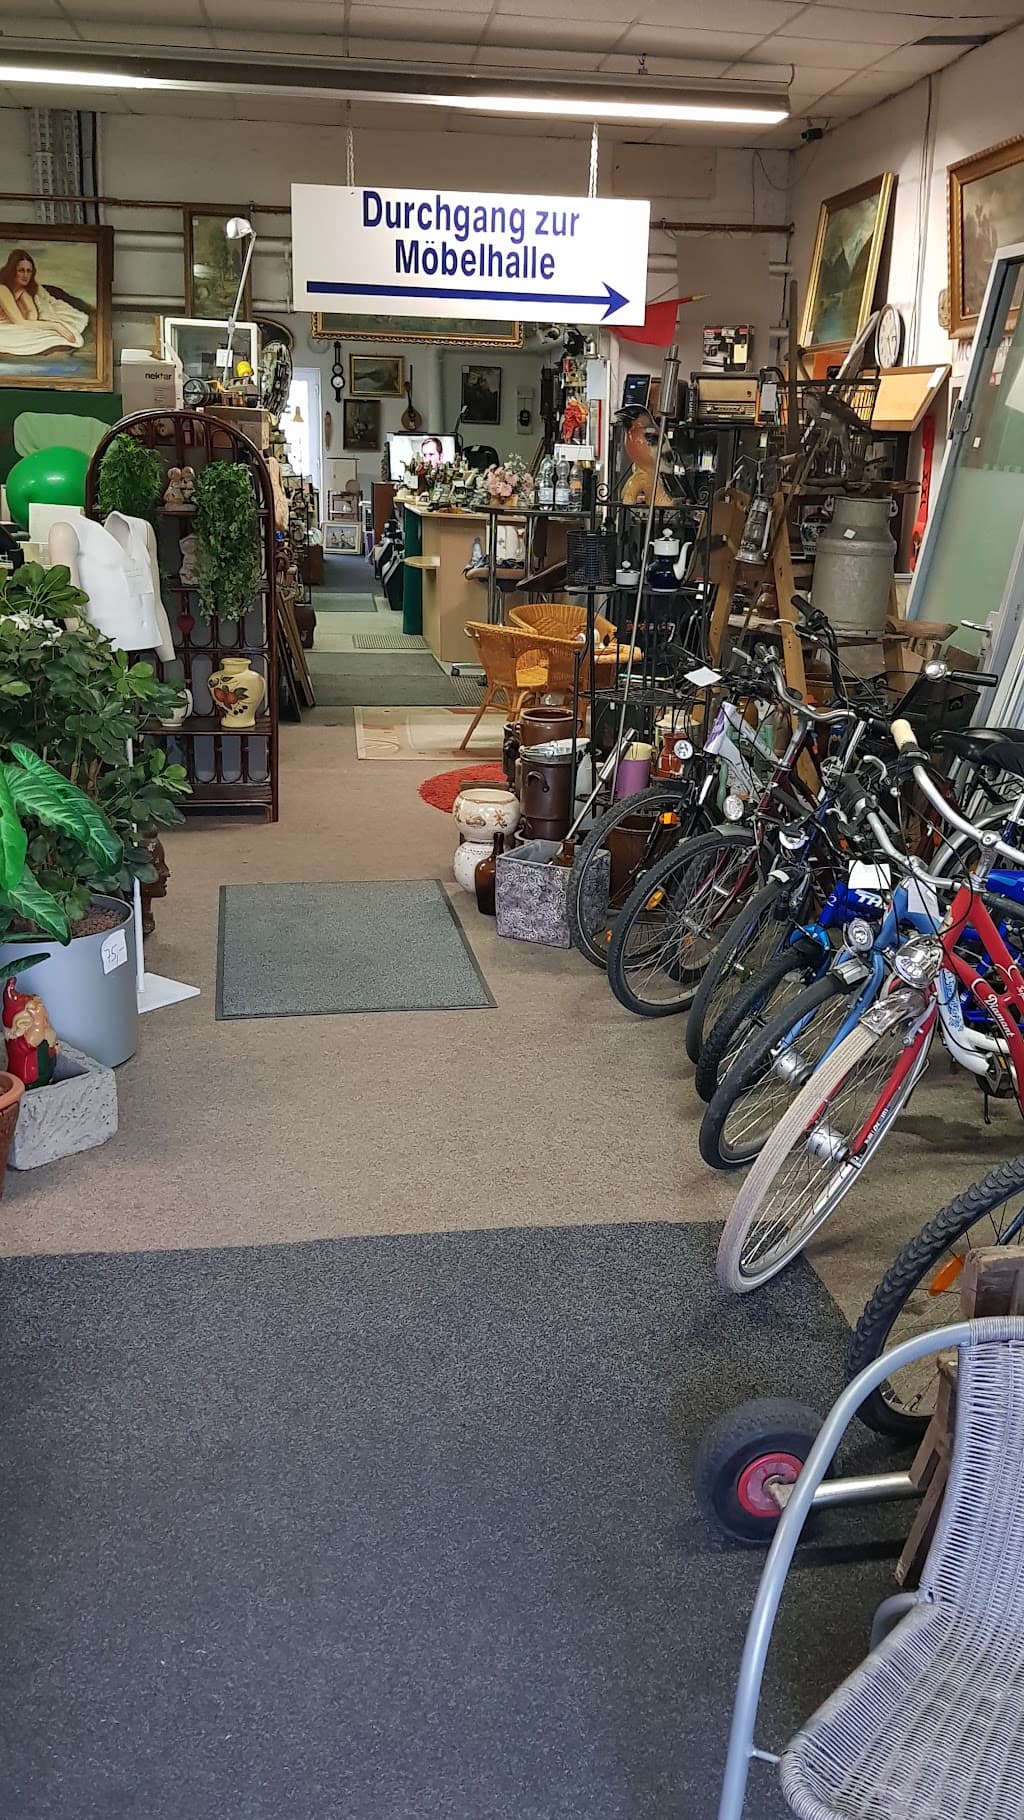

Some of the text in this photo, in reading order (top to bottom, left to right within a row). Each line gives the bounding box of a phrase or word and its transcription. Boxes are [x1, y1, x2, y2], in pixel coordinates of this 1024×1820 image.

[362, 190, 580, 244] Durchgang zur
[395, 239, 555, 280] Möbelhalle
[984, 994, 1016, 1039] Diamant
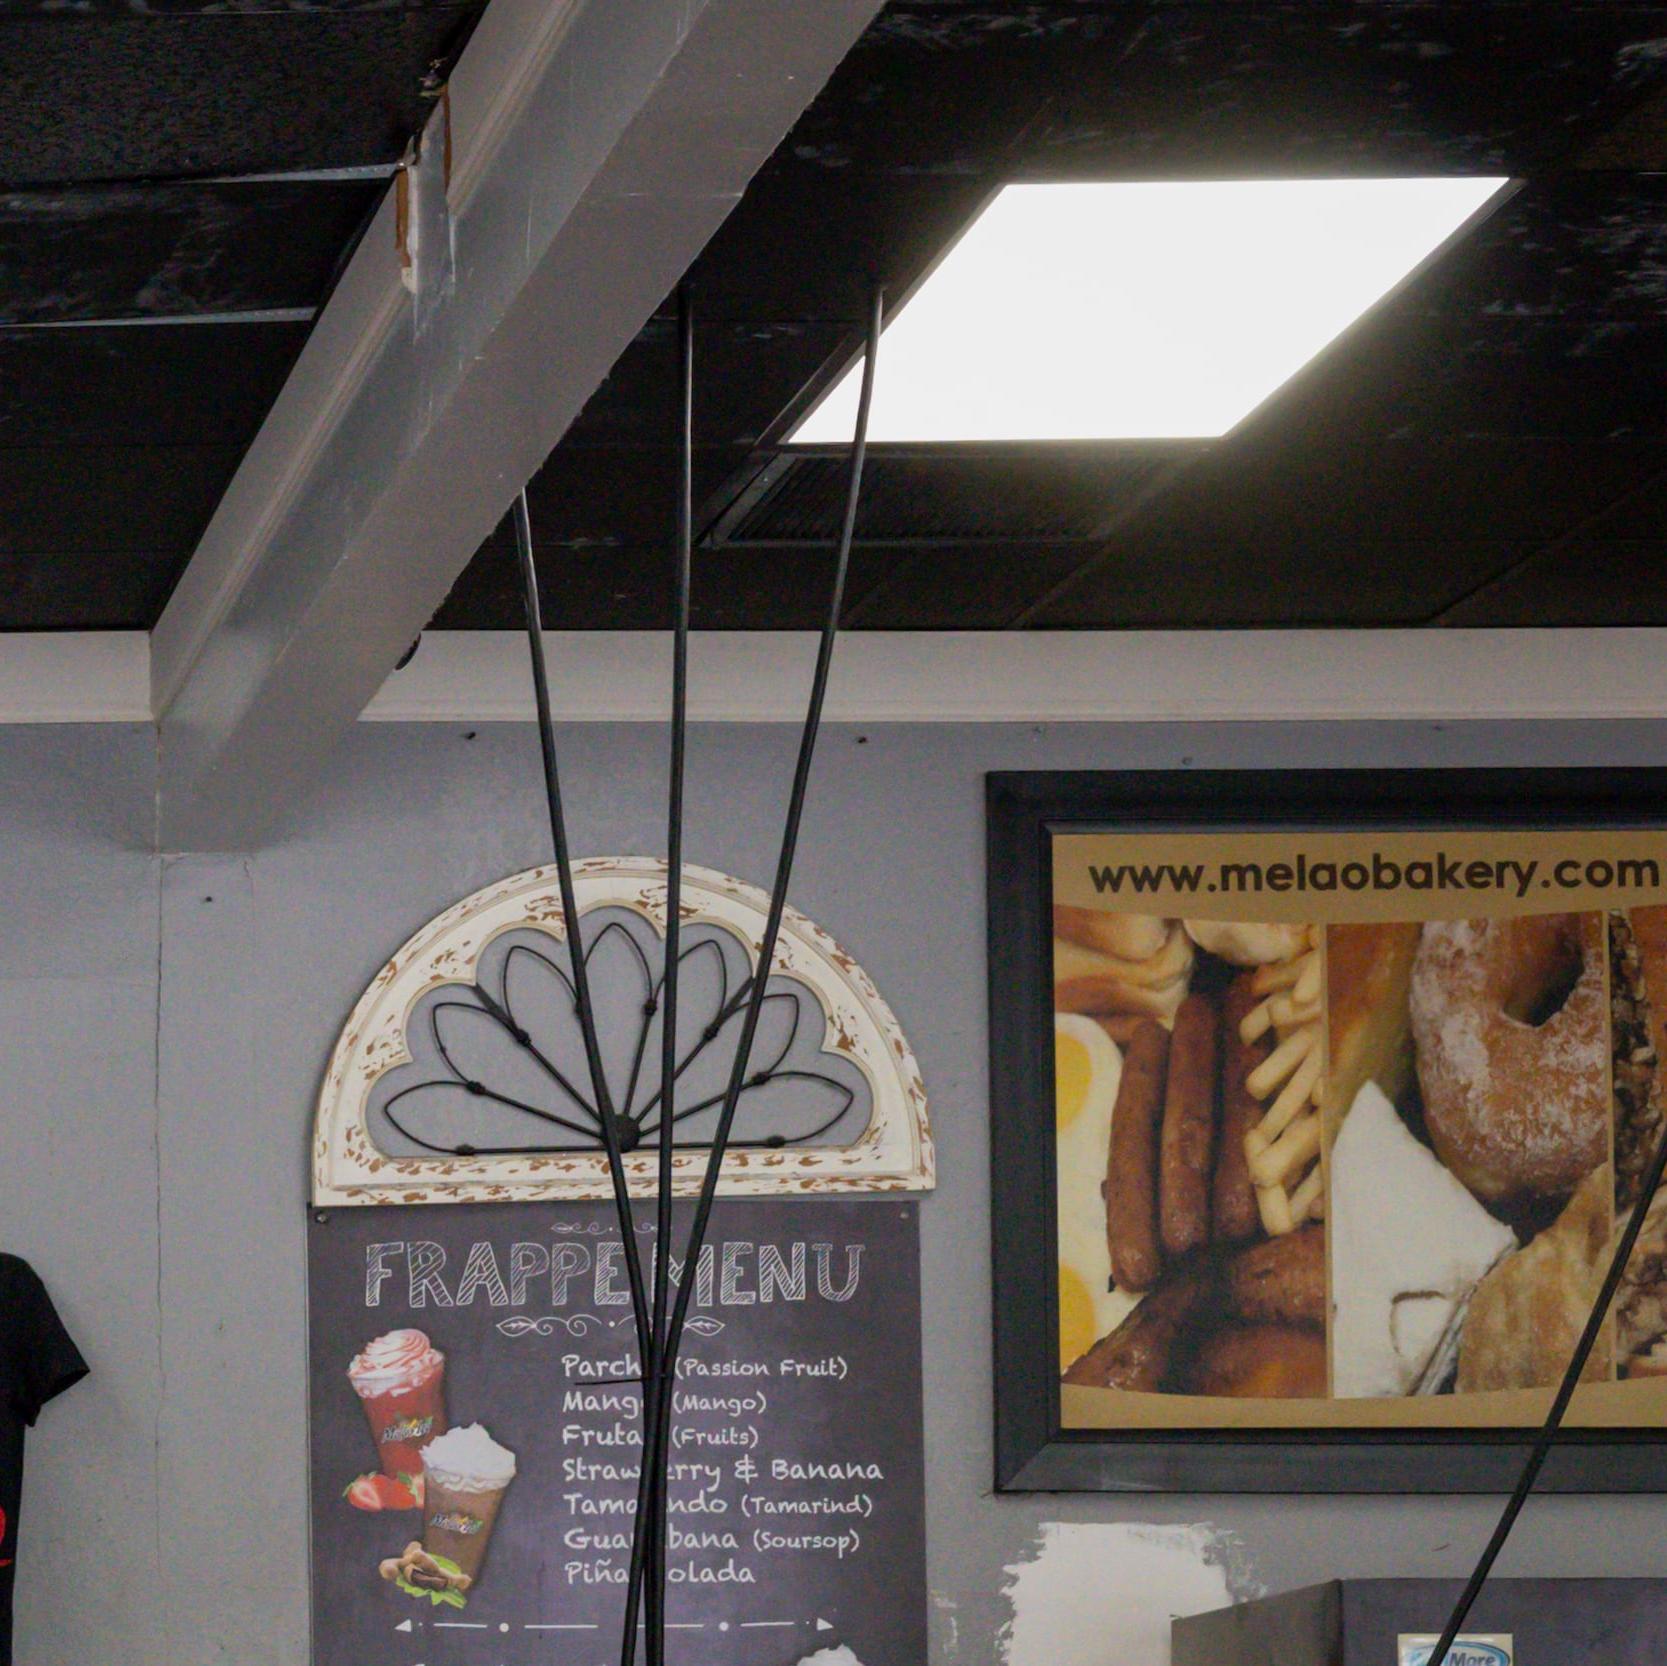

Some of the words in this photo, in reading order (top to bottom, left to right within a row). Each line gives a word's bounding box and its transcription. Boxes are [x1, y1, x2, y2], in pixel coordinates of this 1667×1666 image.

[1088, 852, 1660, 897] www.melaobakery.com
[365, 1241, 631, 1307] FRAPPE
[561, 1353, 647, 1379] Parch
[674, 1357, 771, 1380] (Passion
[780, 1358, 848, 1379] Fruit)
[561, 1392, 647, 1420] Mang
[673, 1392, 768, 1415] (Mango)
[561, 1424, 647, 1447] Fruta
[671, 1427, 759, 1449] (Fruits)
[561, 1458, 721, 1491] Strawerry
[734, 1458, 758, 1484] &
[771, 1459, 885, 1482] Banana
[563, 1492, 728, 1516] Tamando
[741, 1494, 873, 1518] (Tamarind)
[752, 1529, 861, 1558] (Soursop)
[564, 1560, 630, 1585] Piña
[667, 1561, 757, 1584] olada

INSTRUCTIONS TO FOLLOW: Without the pictures, copy out all the records above exactly.

RESULT FOR THIS TASK:
Some of the text in this photo, in reading order (top to bottom, left to right within a row). Each line gives the bounding box of a phrase or word and its transcription. Boxes are [x1, y1, x2, y2], in pixel coordinates of this 1024×1820 image.

[362, 190, 580, 244] Durchgang zur
[395, 239, 555, 280] Möbelhalle
[984, 994, 1016, 1039] Diamant

Some of the words in this photo, in reading order (top to bottom, left to right within a row). Each line gives a word's bounding box and its transcription. Boxes are [x1, y1, x2, y2], in pixel coordinates of this 1667×1666 image.

[1088, 852, 1660, 897] www.melaobakery.com
[365, 1241, 631, 1307] FRAPPE
[561, 1353, 647, 1379] Parch
[674, 1357, 771, 1380] (Passion
[780, 1358, 848, 1379] Fruit)
[561, 1392, 647, 1420] Mang
[673, 1392, 768, 1415] (Mango)
[561, 1424, 647, 1447] Fruta
[671, 1427, 759, 1449] (Fruits)
[561, 1458, 721, 1491] Strawerry
[734, 1458, 758, 1484] &
[771, 1459, 885, 1482] Banana
[563, 1492, 728, 1516] Tamando
[741, 1494, 873, 1518] (Tamarind)
[752, 1529, 861, 1558] (Soursop)
[564, 1560, 630, 1585] Piña
[667, 1561, 757, 1584] olada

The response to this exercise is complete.